WORK TO BE COMPLETED:
Whatever lies between the line that holds "this 2048×1536 image." and the final line of the records below, both included, should be repeated exactly; leave out the pictures and add nothing.

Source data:
++++++
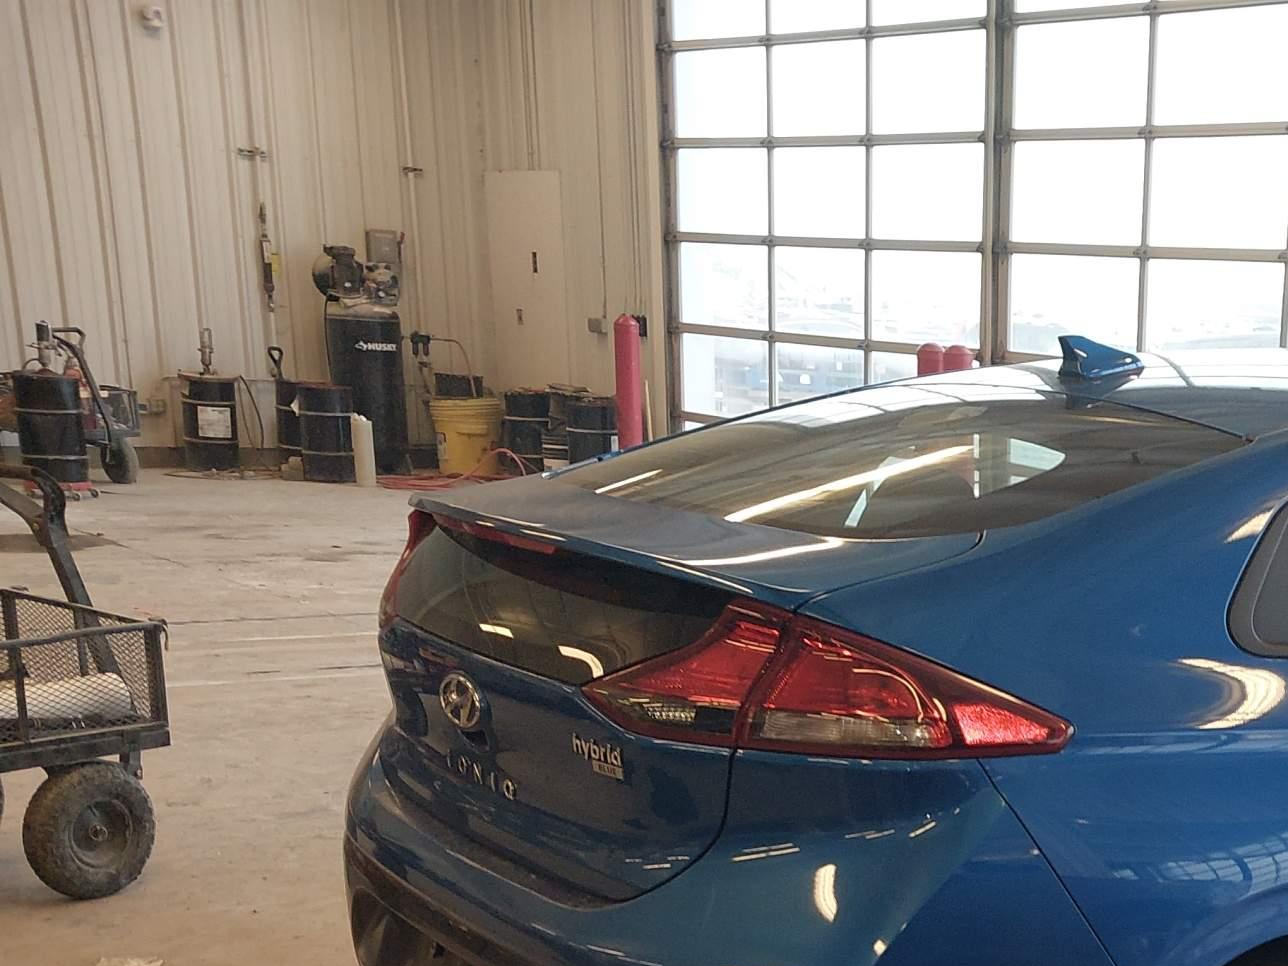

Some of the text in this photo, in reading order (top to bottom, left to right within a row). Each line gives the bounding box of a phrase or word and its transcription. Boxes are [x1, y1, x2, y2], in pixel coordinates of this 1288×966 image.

[367, 342, 398, 351] HUSKY
[571, 732, 622, 767] hybrid
[446, 751, 518, 800] IONIQ
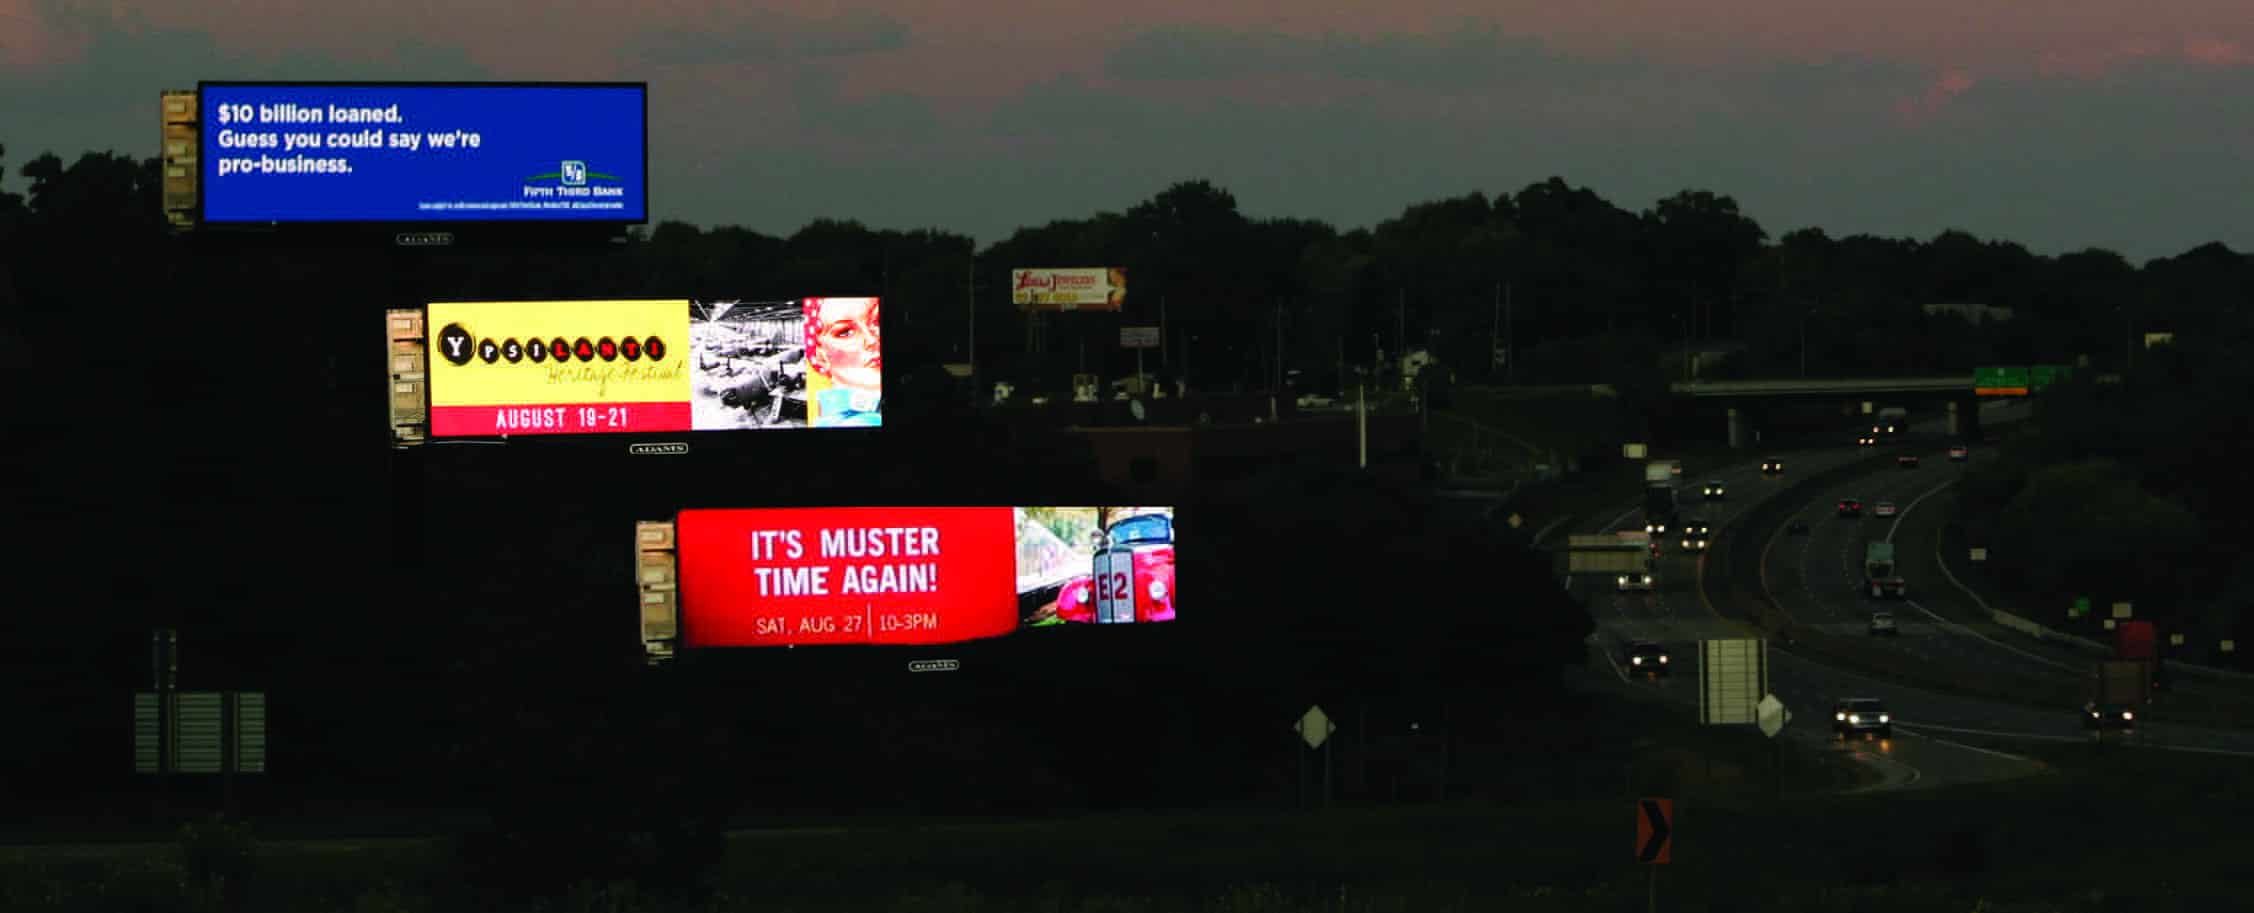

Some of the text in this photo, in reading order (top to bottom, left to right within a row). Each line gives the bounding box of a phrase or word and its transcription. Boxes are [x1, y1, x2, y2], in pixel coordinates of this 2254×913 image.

[219, 102, 403, 125] $10 billion loaned.
[218, 129, 481, 151] Guess you could say we're
[219, 154, 353, 176] pro-business.
[444, 332, 661, 360] YPSILANTI
[496, 407, 628, 429] AUGUST 19-21
[752, 527, 940, 561] IT'S MUSTER
[754, 562, 937, 597] TIME AGAIN!
[1098, 571, 1128, 600] E2
[756, 612, 938, 635] SAT, AUG 27 10-3PM
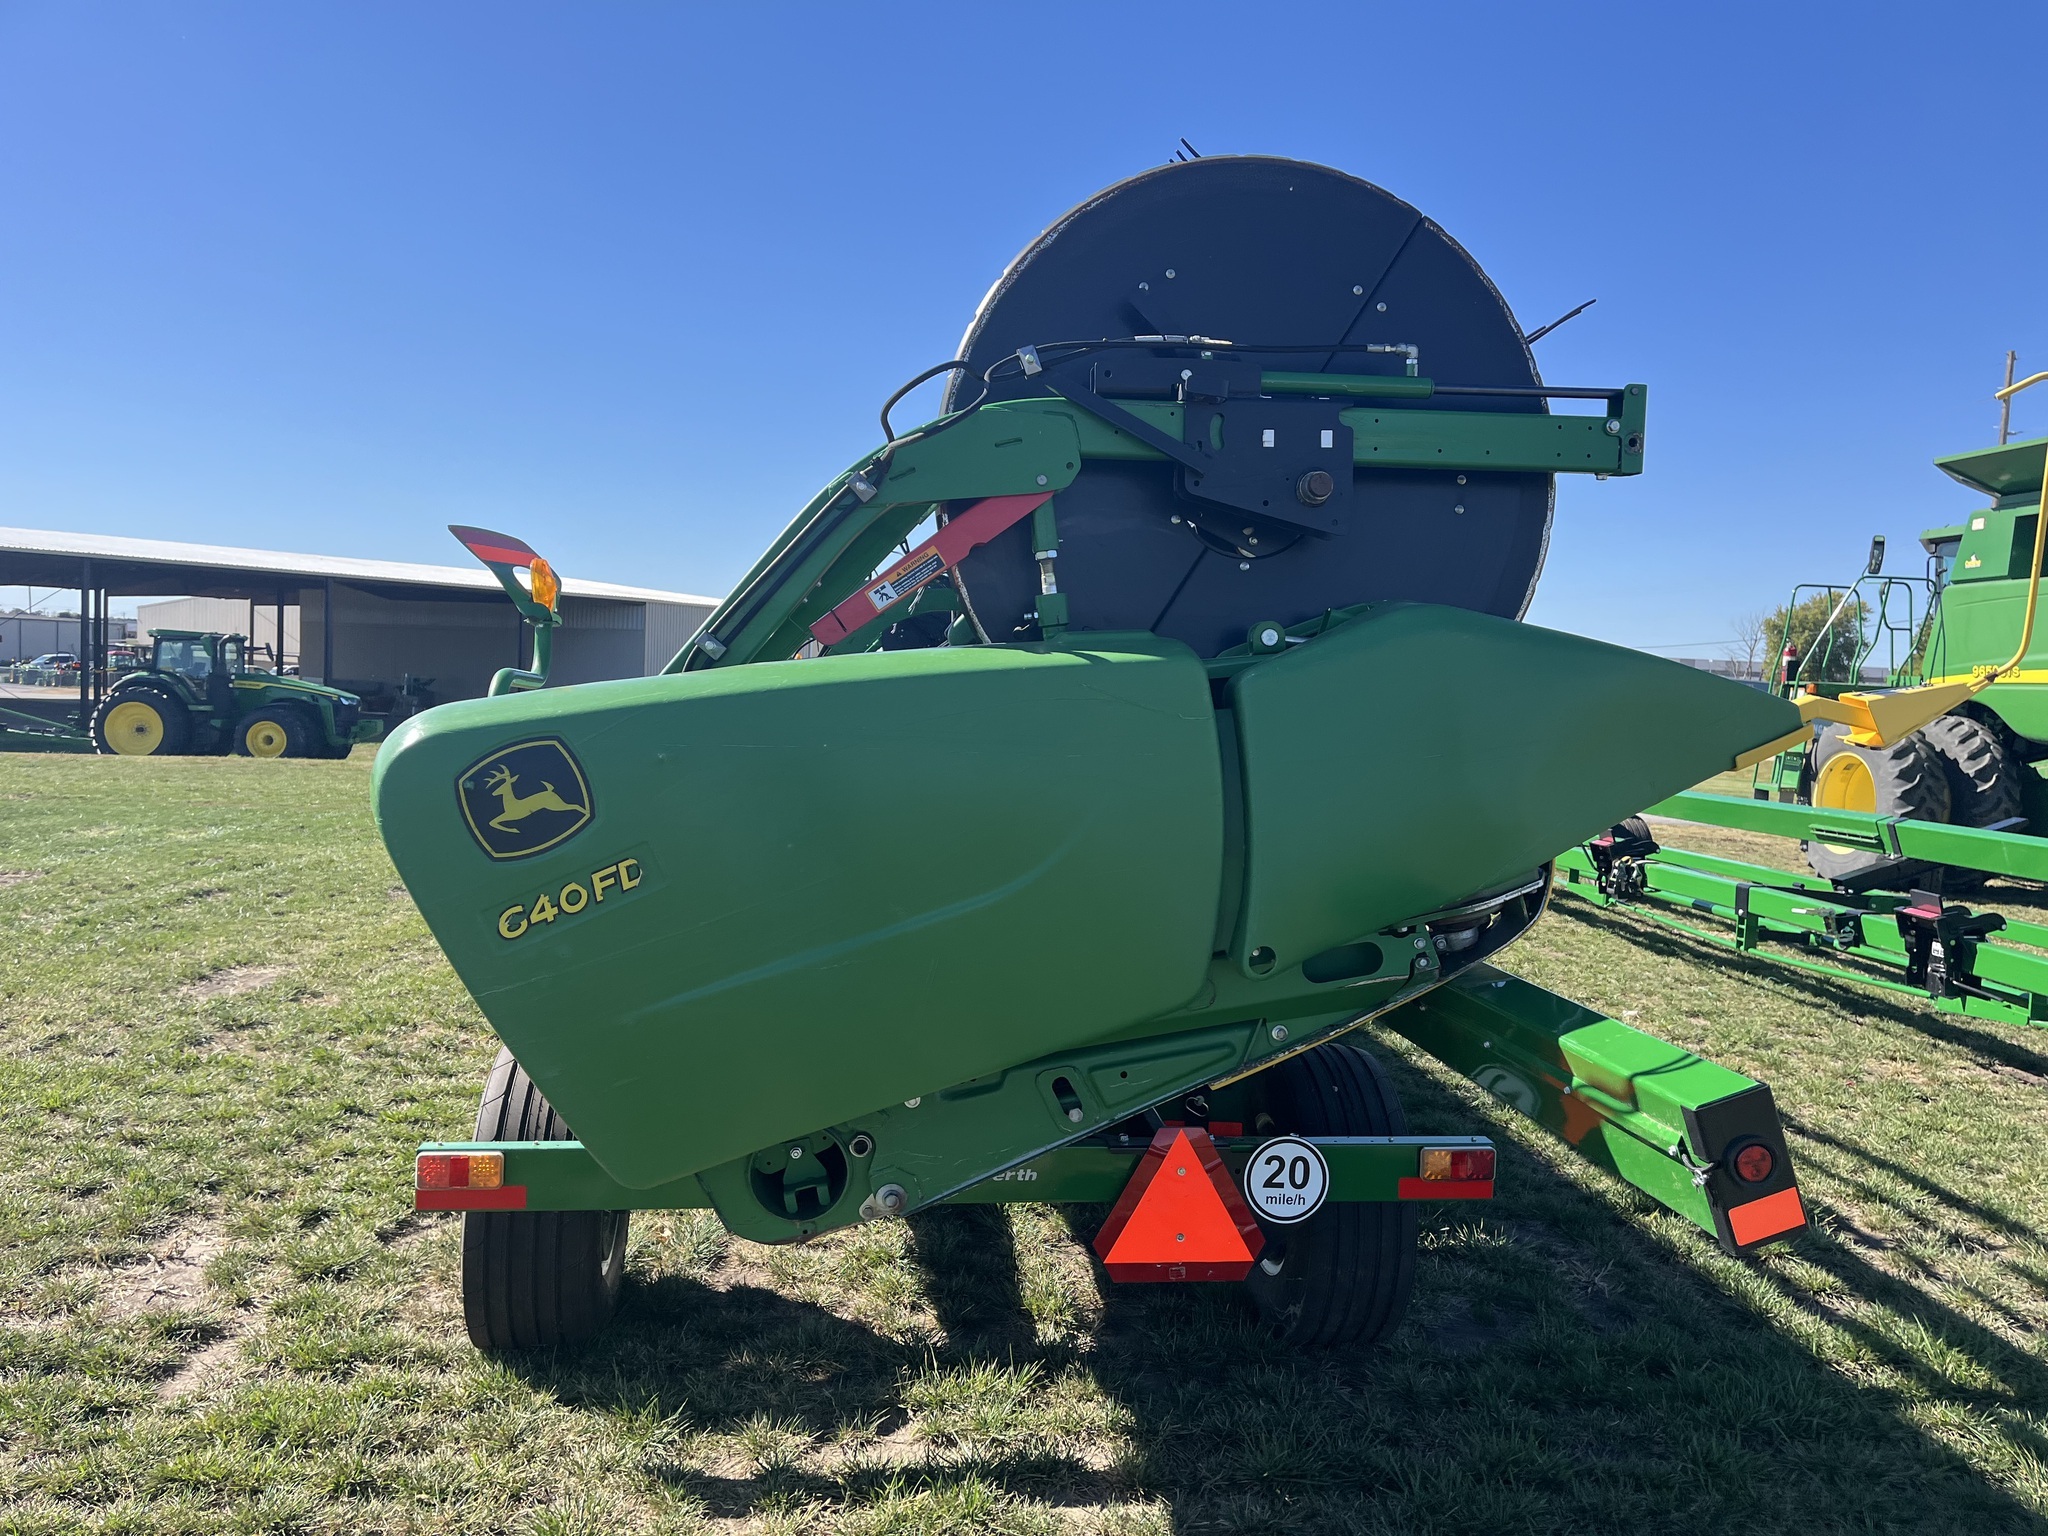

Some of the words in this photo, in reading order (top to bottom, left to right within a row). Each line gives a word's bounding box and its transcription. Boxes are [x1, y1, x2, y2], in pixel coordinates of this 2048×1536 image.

[902, 552, 930, 573] WARNING
[1262, 1155, 1311, 1190] 20
[1265, 1193, 1306, 1206] mile/h
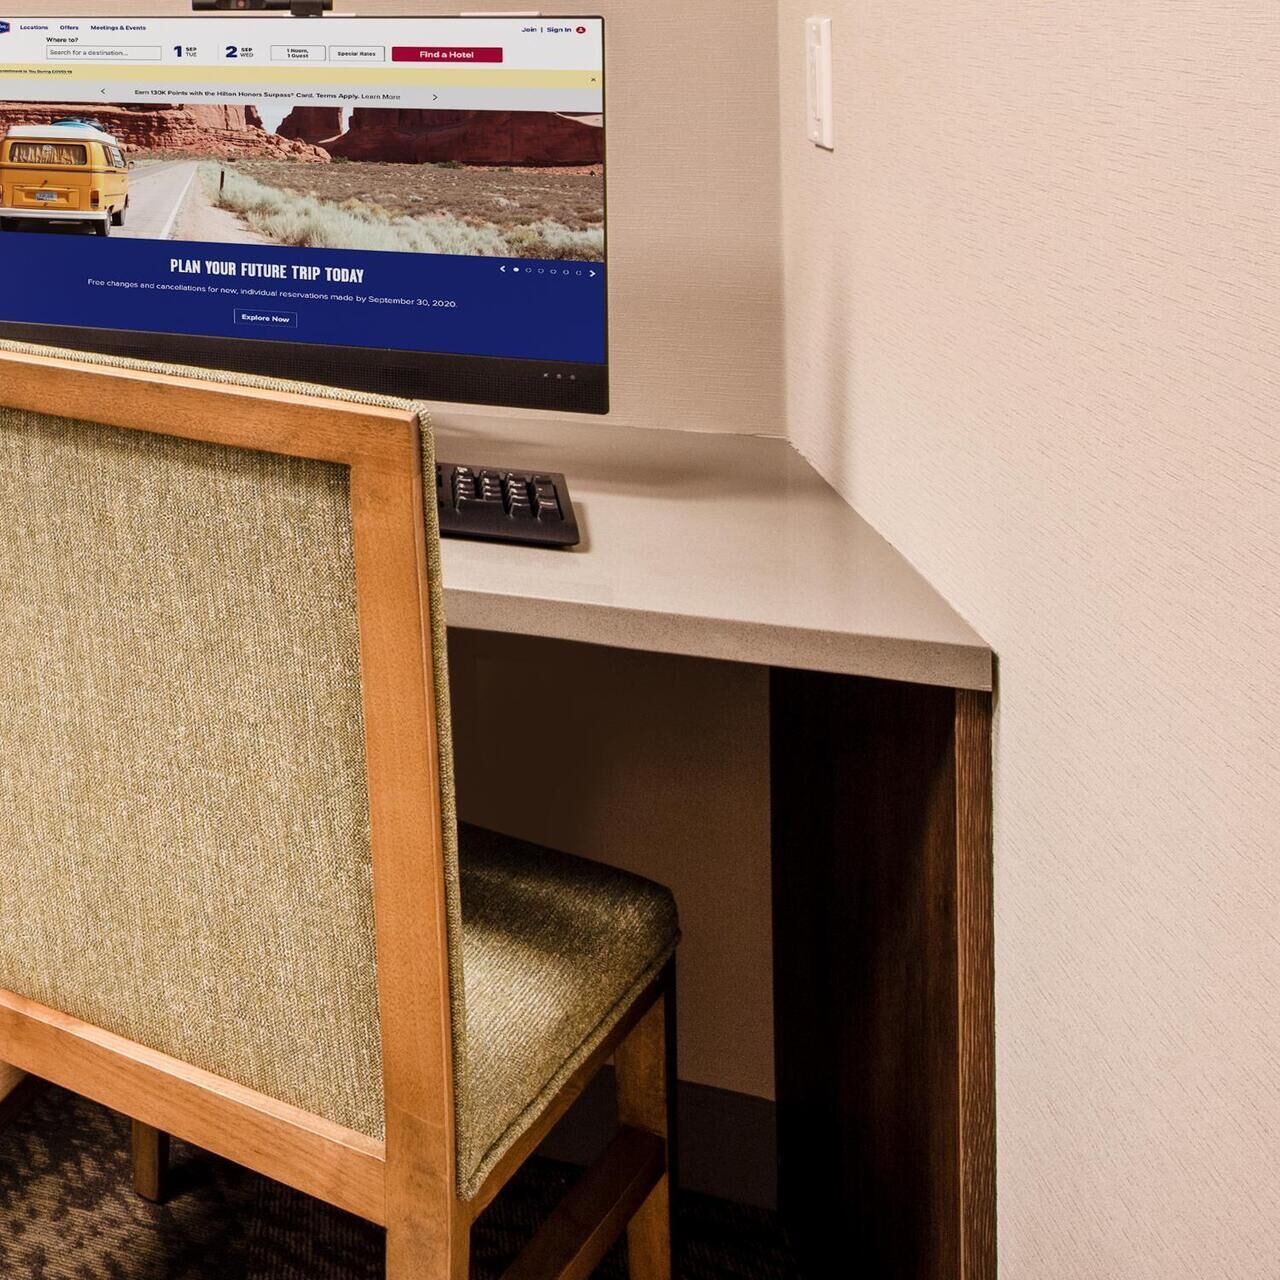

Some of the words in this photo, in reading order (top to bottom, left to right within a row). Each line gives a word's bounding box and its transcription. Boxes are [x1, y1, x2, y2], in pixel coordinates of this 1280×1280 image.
++++++
SOLUTION FOR THIS EXERCISE:
Some of the words in this photo, in reading order (top to bottom, left to right within a row). Each line gives a word's bounding box and its transcription. Boxes are [x1, y1, x2, y2], in pixel coordinates of this 2048×1536 image.

[902, 552, 930, 573] WARNING
[1262, 1155, 1311, 1190] 20
[1265, 1193, 1306, 1206] mile/h

Some of the words in this photo, in reading order (top to bottom, left to right within a row). Each line gives a word's bounding box and its transcription. Boxes are [x1, y1, x2, y2], in pixel coordinates of this 1280×1280 image.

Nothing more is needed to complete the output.